Participarão do evento outros boxeadores importantes e mais experientes, como o também brasileiro Carlos Rodrigues, o Açougueiro, e o haitiano Azea Augustama que se classificou para as Olimpíadas de Pequin, na China, além de Glen Johnson e Bernard Hopkins, que já participaram de lutas por títulos mundiais.

O interesse de Michael pelo Boxe começou aos 13 anos. Aos 17 anos competiu pela primeira vez, ainda como amador. Em agosto de 2008, na Carolina do Sul, fez sua estréia profissional e desde então venceu todas as sete lutas das quais participou, seis delas por nocaute, cinco desses no primeiro round.


Com quase 2 metros de altura e pesando em torno de 60 Kg, Michael se enquadra na categoria dos pesos médios do boxe. Num esporte em que agilidade física e mental e muita coragem são determinantes, ele diz que "lutar é a parte mais fácil. Treinar e ter autodisciplina são as mais difíceis".

Todos os dias, durante pelo menos oito horas, Michael treina num ginásio em Miami, sob a supervisão e direção do técnico, Danny Hawk ,que diz que o brasileiro tem um talento natural para o boxe, além de muita velocidade no ataque. Dois profissionais do Departamento de Medicina do Esporte da Universidade de Miami, o médico Clifton Page e a nutricionista Lisa Dorfman, também fazem parte da equipe que é gerenciada pelo pai de atleta, Carlos Oliveira.
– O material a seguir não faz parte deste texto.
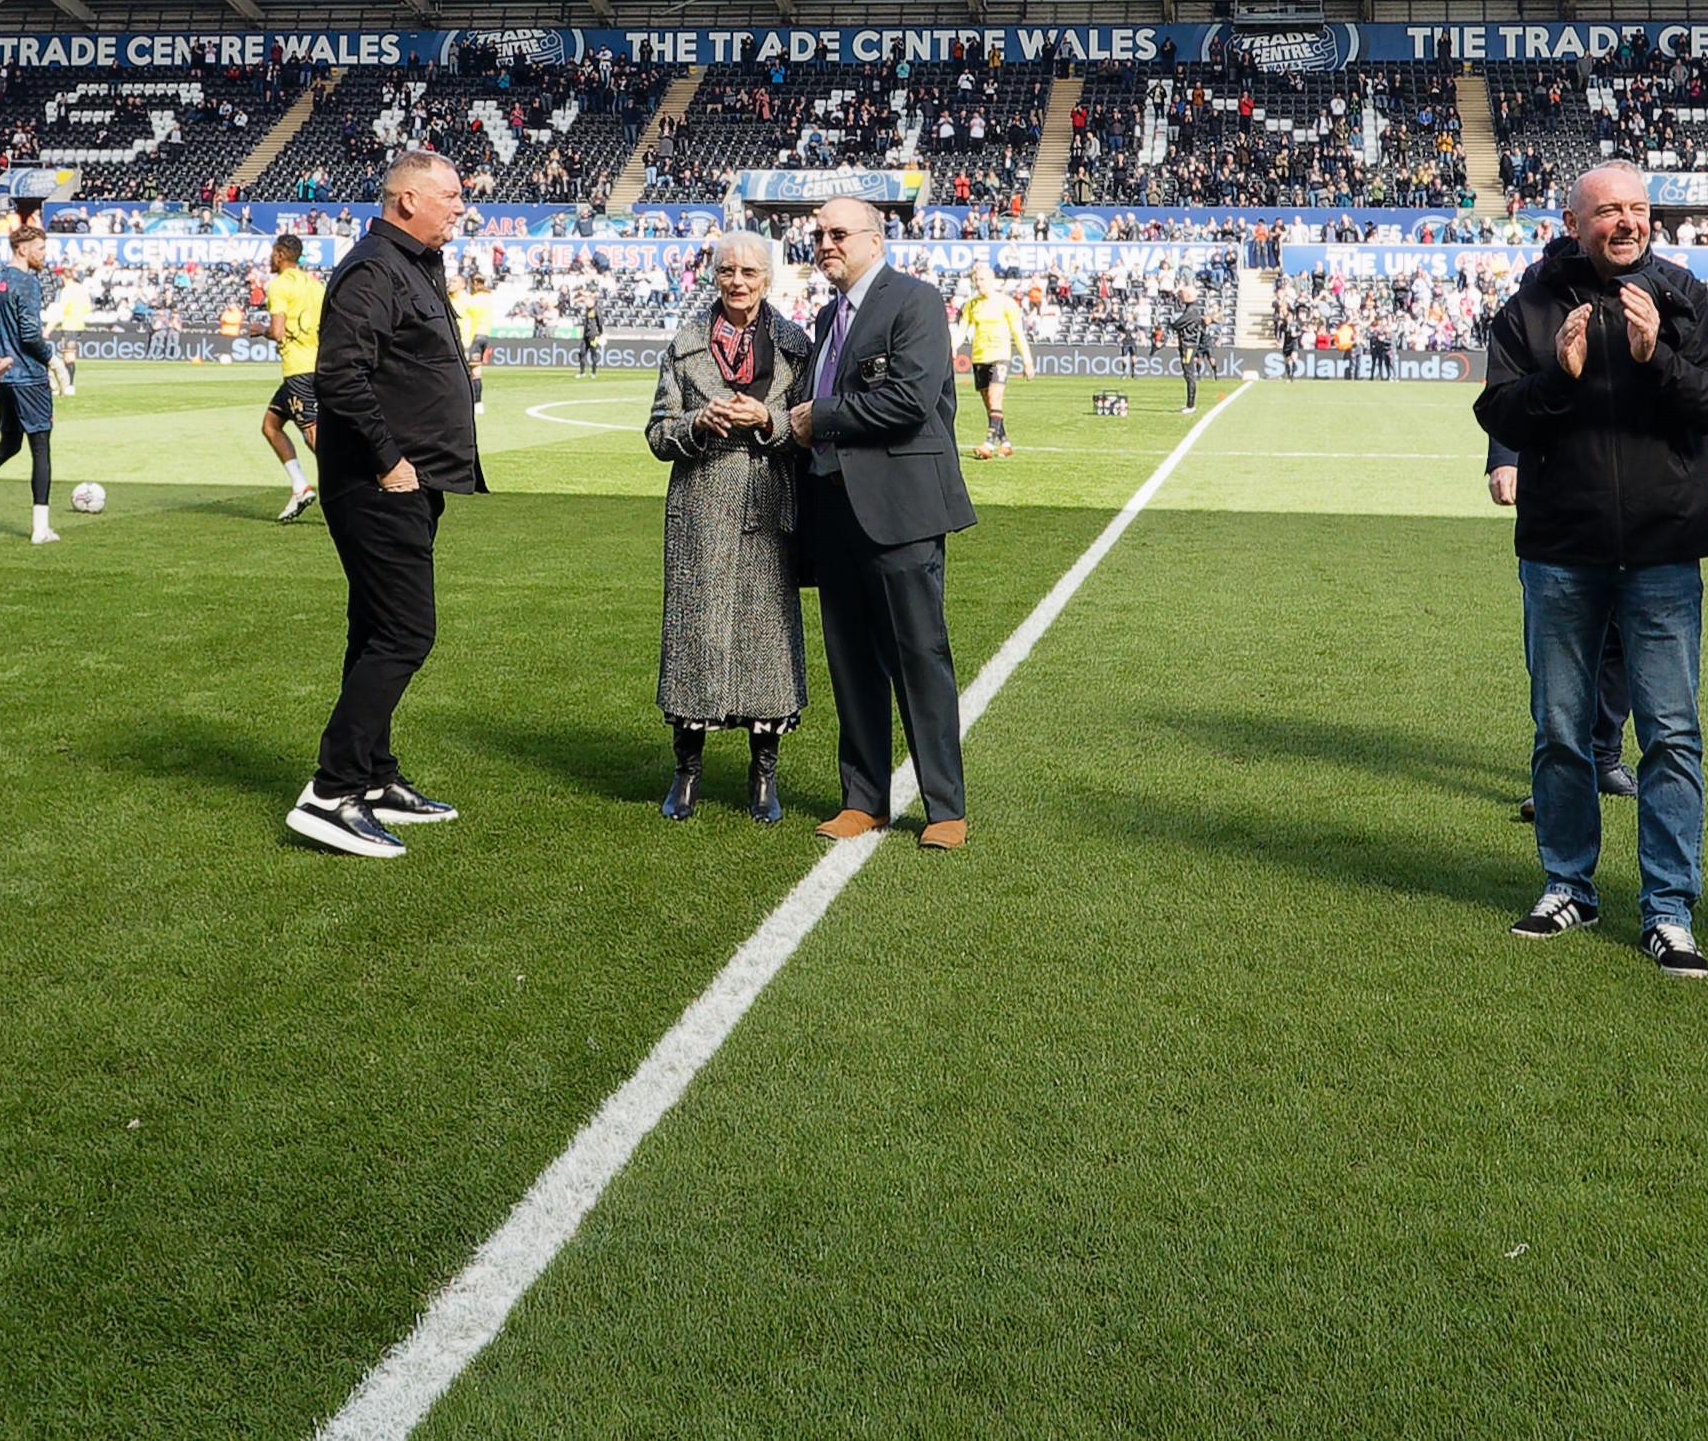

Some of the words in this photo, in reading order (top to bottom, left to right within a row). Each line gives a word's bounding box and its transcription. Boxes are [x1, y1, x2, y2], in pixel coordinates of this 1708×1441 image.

Pessoalmente não tenho nenhuma apreciação pelo Boxe, acho um esporte violento e assustador, se um de meus filhos resolvesse seguir esse caminho tenho certeza que eu viveria cheia de hematomas, de tanta preocupação. Mas não posso deixar de admirar a dedicação e a disciplina desse rapaz e o apoio que ele recebe da família. Acho que ainda vamos ouvir falar muito de Michael Oliveira.